### Work to be completed
Your reply should contain the whole listing below, repeated exactly, and no images.
═══ Records provided
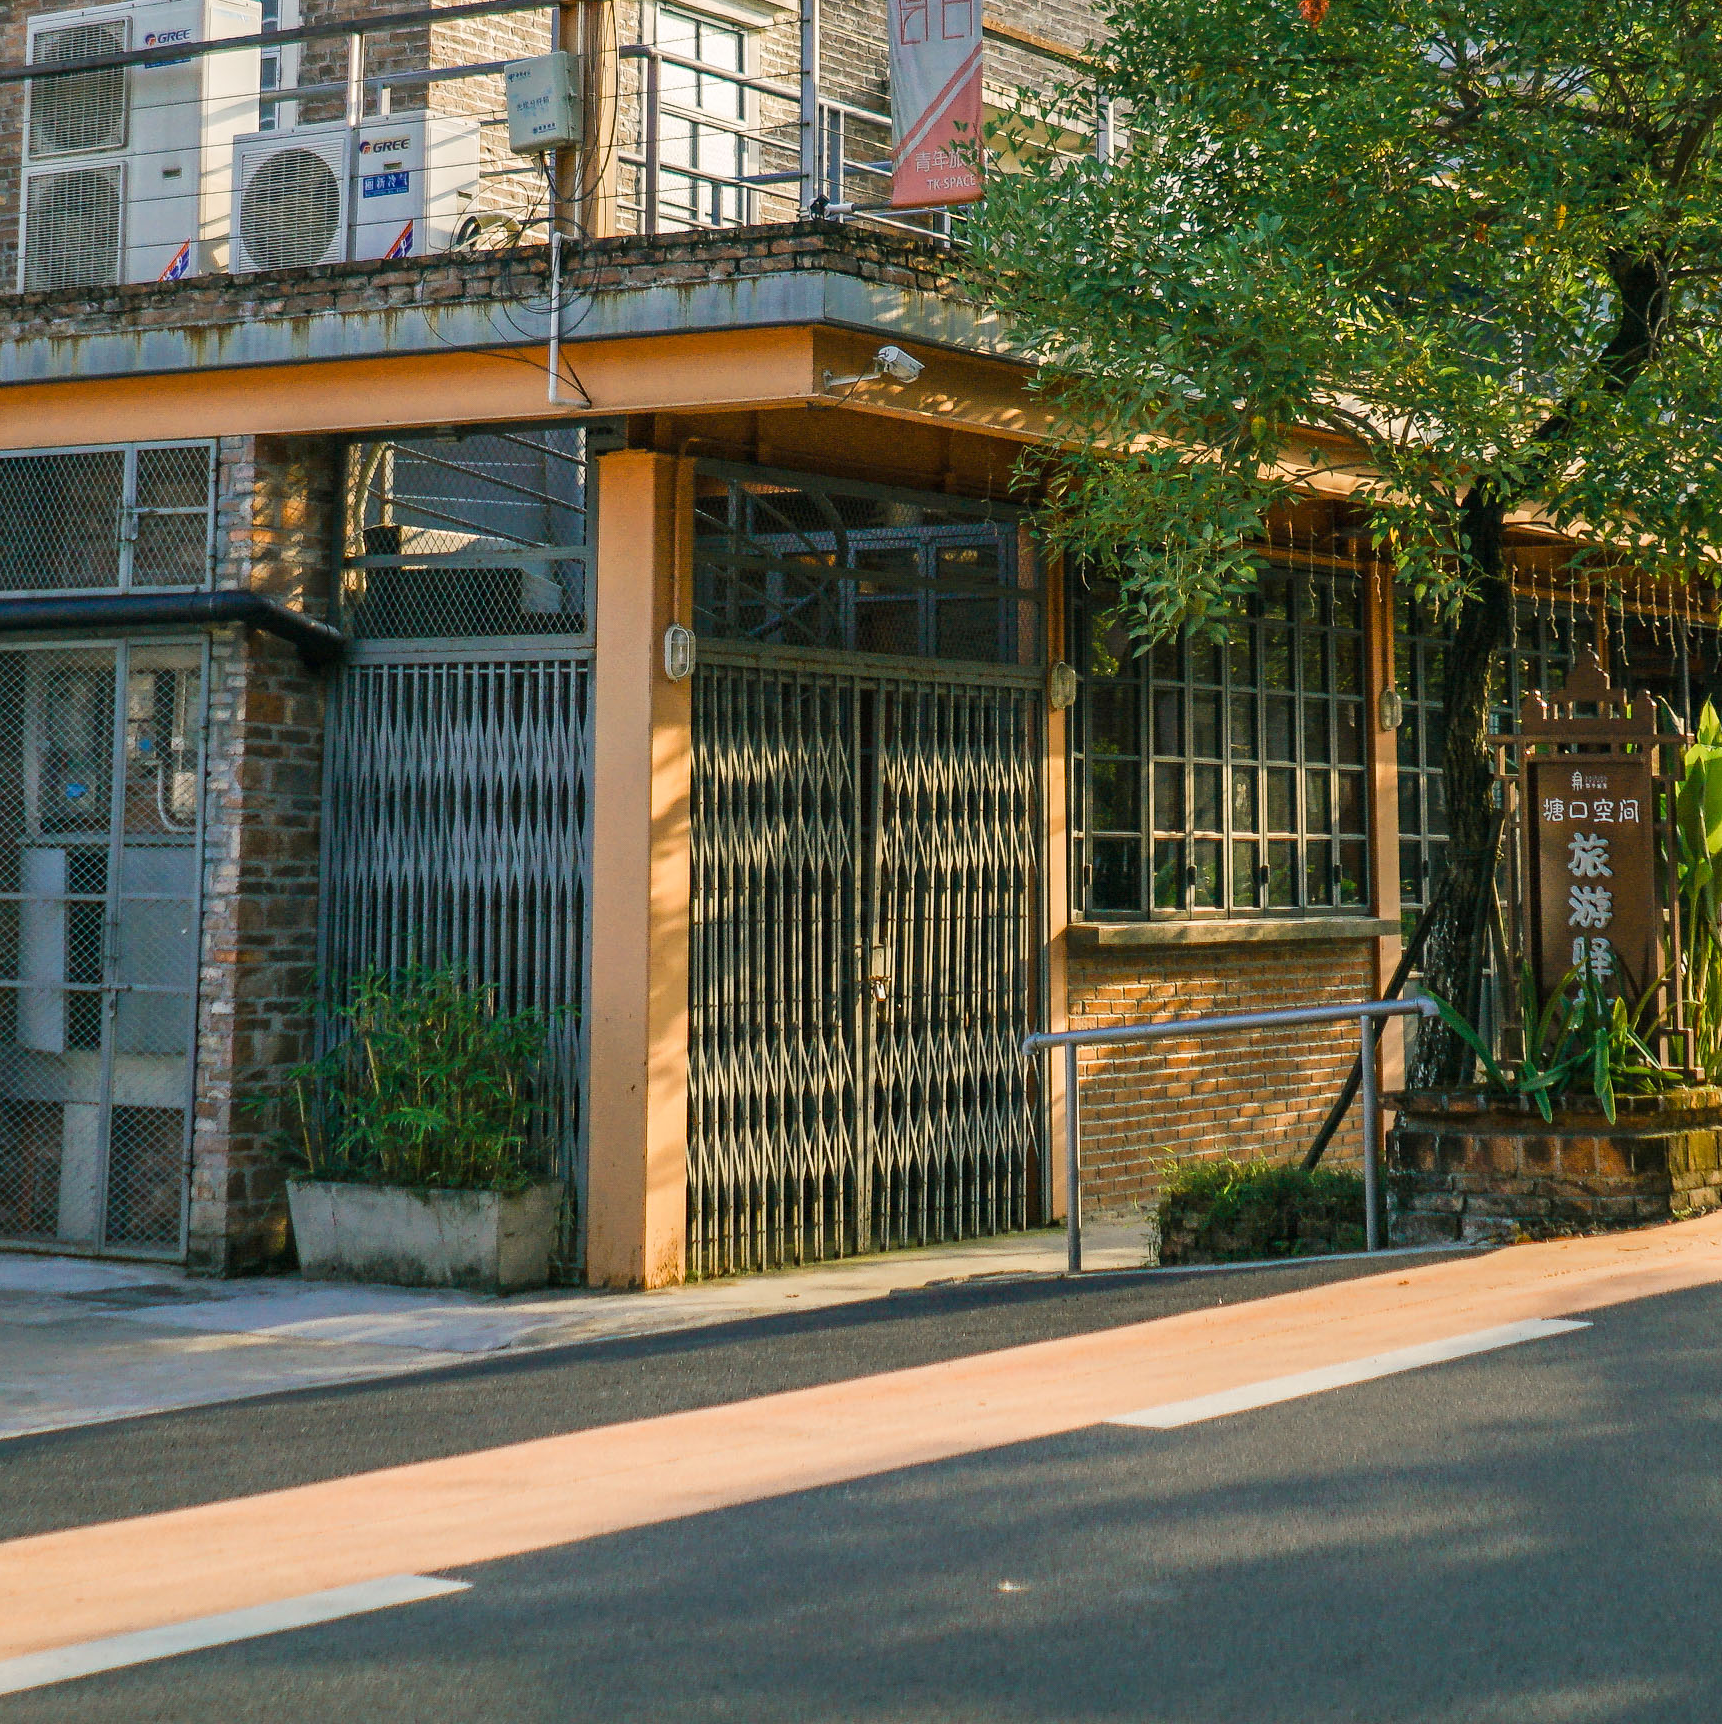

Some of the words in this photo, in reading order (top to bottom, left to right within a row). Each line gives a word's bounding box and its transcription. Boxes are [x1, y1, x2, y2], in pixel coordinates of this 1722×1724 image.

[158, 28, 192, 44] GREE
[373, 138, 411, 154] GREE
[1542, 797, 1641, 825] 塘口空间
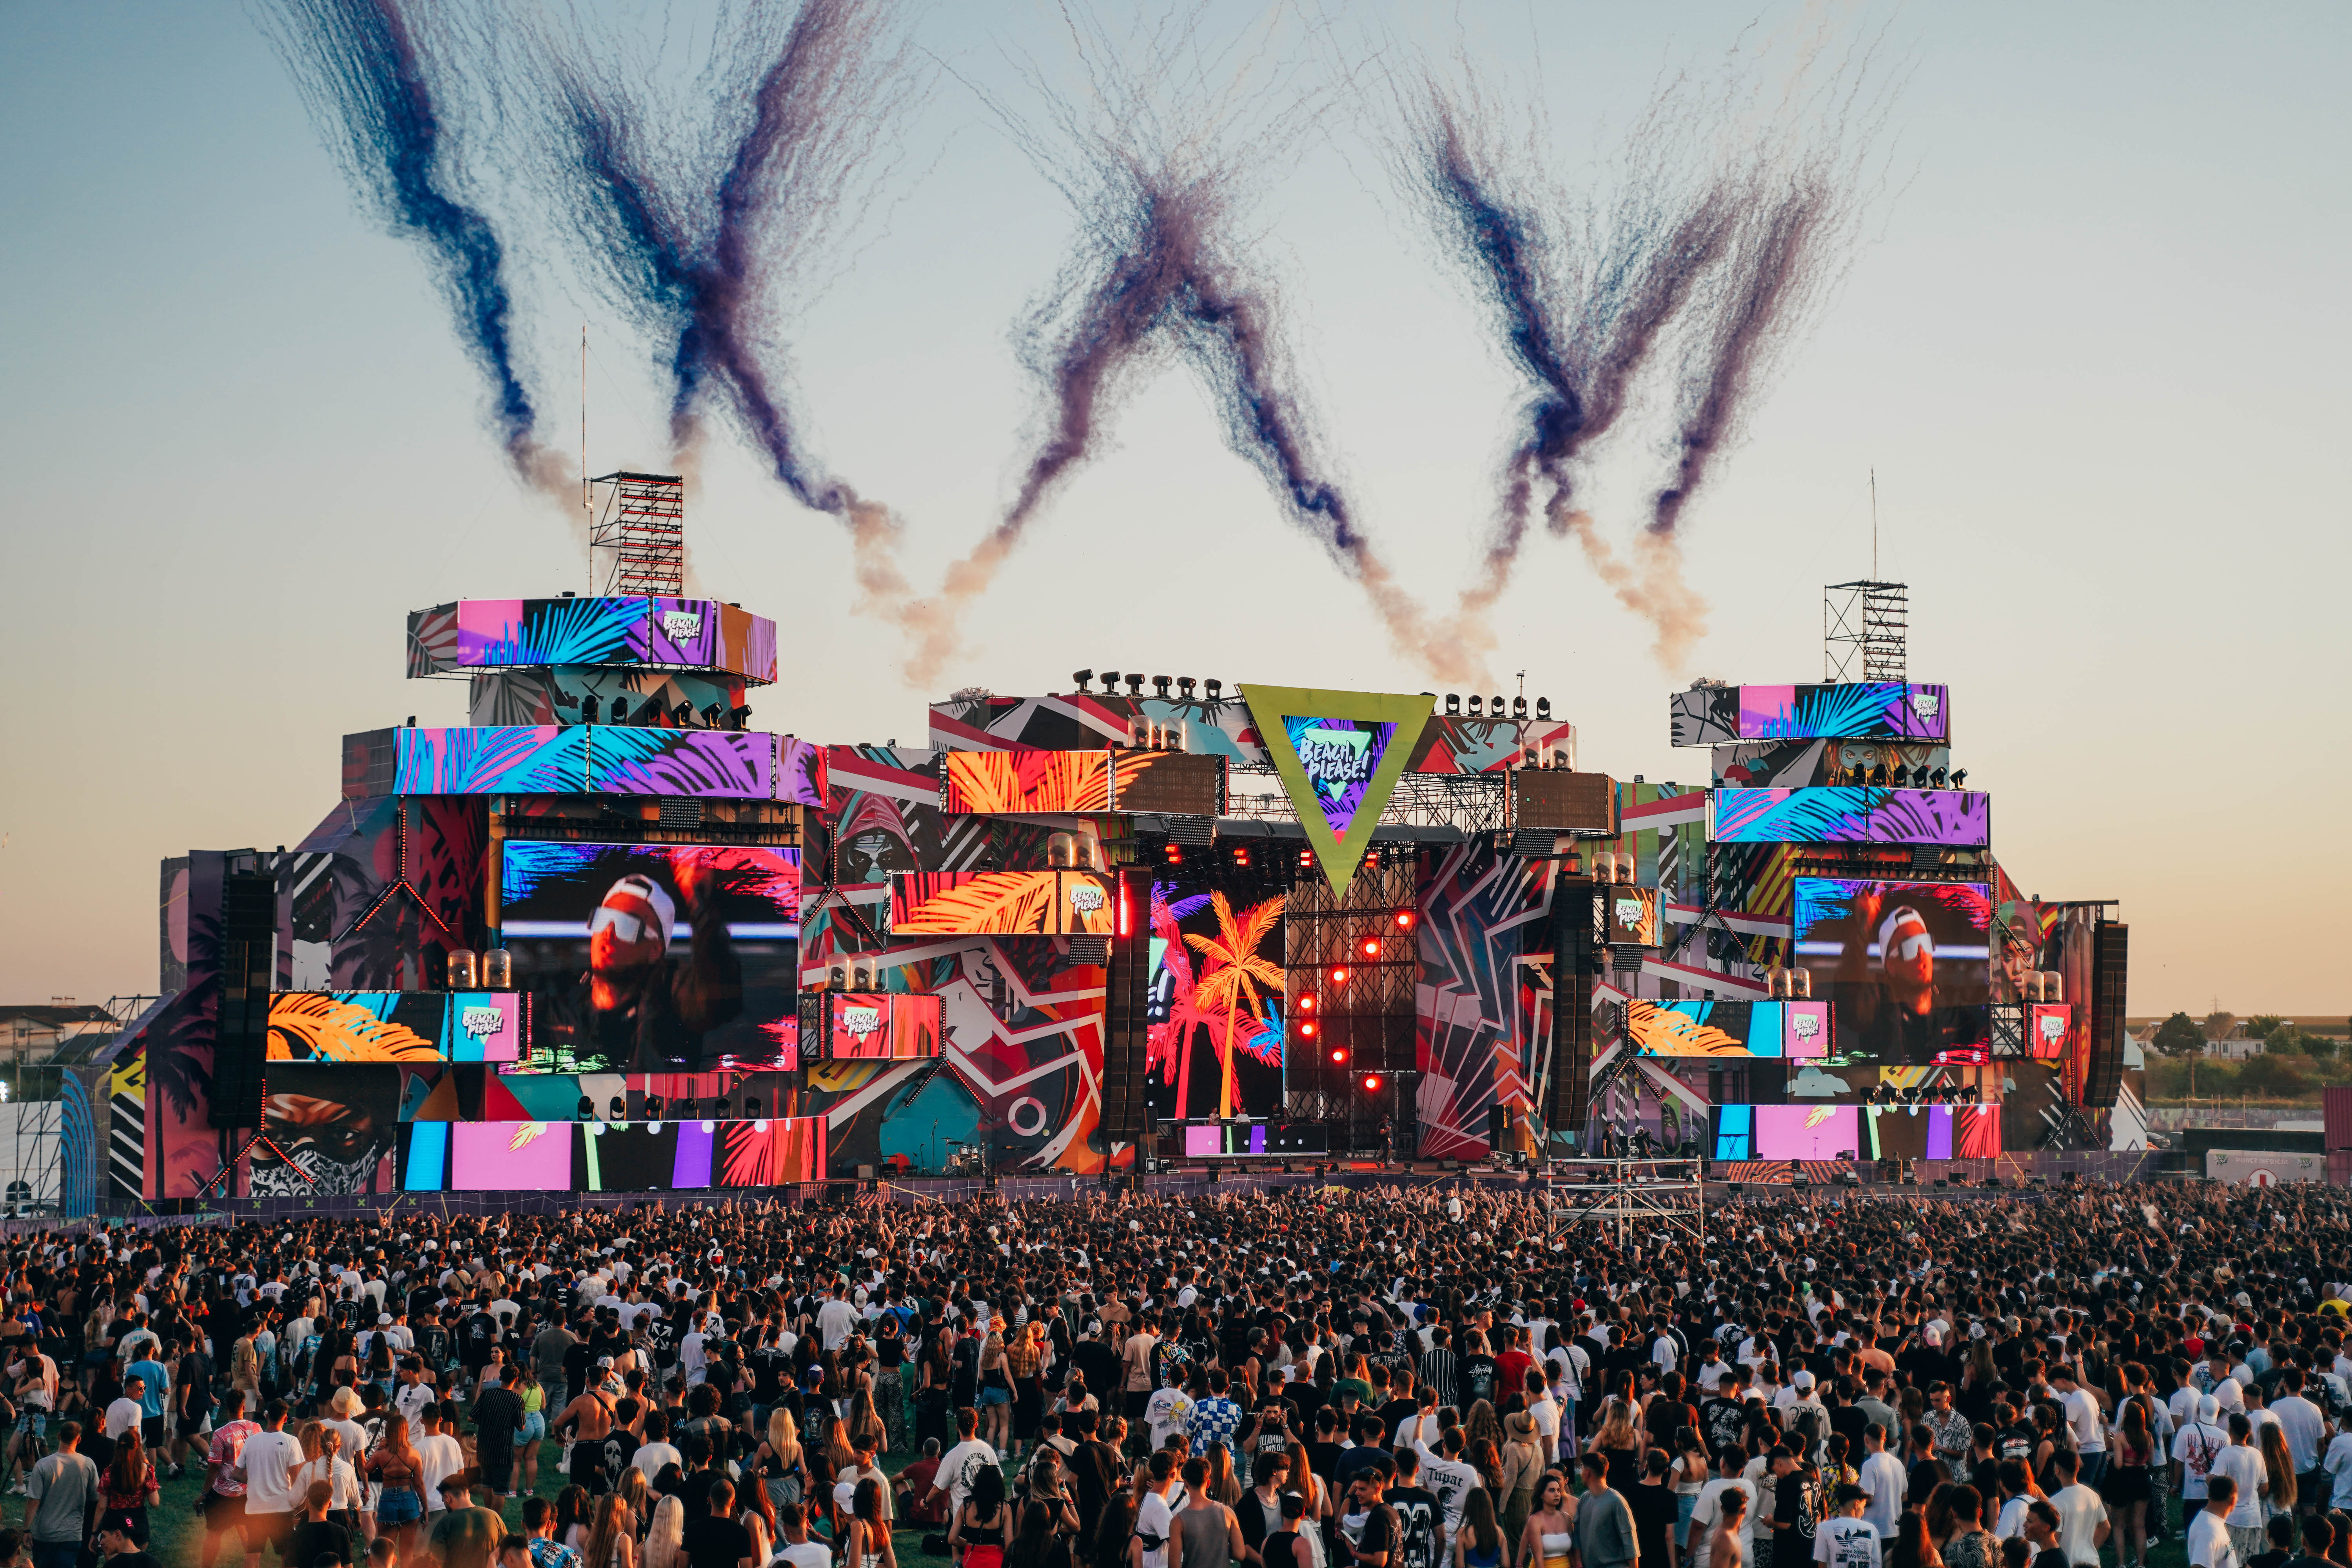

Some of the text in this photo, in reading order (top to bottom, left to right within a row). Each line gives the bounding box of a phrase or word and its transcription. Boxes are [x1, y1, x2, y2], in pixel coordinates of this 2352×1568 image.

[668, 622, 701, 642] PLEASE!
[1916, 703, 1938, 719] PLEASE!
[1307, 750, 1370, 784] PLEASE!
[1074, 895, 1103, 915] PLEASE!
[1619, 909, 1643, 926] PLEASE!
[467, 1017, 503, 1039] PLEASE!
[847, 1016, 879, 1037] PLEASE!
[1796, 1022, 1819, 1040] PLEASE!
[2044, 1024, 2065, 1041] PLEASE!
[1789, 1406, 1824, 1425] 2PAC
[1427, 1468, 1463, 1487] Tupac
══════
### Response box
Some of the words in this photo, in reading order (top to bottom, left to right within a row). Each line gives a word's bounding box and its transcription. Boxes are [x1, y1, x2, y2], in pixel coordinates of this 1722×1724 image.

[158, 28, 192, 44] GREE
[373, 138, 411, 154] GREE
[1542, 797, 1641, 825] 塘口空间

Some of the text in this photo, in reading order (top to bottom, left to right within a row). Each line gives the bounding box of a phrase or word and its transcription. Boxes are [x1, y1, x2, y2], in pixel coordinates of this 2352×1568 image.

[668, 622, 701, 642] PLEASE!
[1916, 703, 1938, 719] PLEASE!
[1307, 750, 1370, 784] PLEASE!
[1074, 895, 1103, 915] PLEASE!
[1619, 909, 1643, 926] PLEASE!
[467, 1017, 503, 1039] PLEASE!
[847, 1016, 879, 1037] PLEASE!
[1796, 1022, 1819, 1040] PLEASE!
[2044, 1024, 2065, 1041] PLEASE!
[1789, 1406, 1824, 1425] 2PAC
[1427, 1468, 1463, 1487] Tupac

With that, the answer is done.